## ACTIVITY
Pictures are to be left out; everything else in the records must be repeated exactly.

+++++

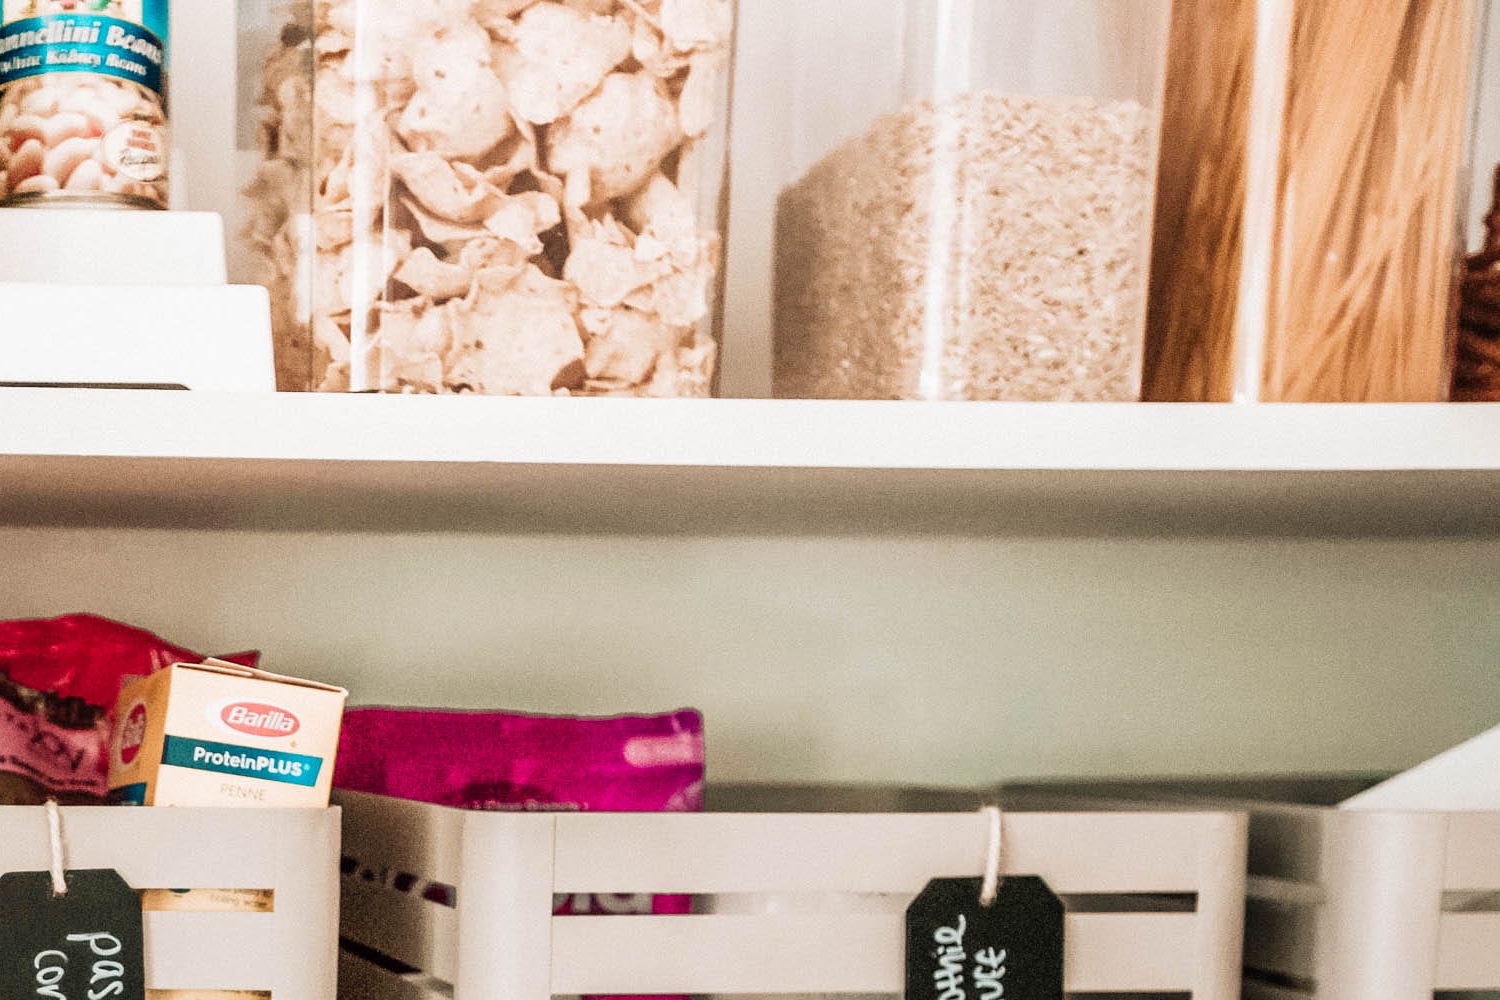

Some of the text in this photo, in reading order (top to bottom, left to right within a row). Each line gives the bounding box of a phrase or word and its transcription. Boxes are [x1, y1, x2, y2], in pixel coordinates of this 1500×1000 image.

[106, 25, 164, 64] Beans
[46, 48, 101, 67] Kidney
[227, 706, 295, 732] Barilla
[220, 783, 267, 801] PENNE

+++++

## EXERCISE RESPONSE
Some of the text in this photo, in reading order (top to bottom, left to right within a row). Each line gives the bounding box of a phrase or word and its transcription. Boxes are [x1, y1, x2, y2], in pixel coordinates of this 1500×1000 image.

[106, 25, 164, 64] Beans
[46, 48, 101, 67] Kidney
[227, 706, 295, 732] Barilla
[220, 783, 267, 801] PENNE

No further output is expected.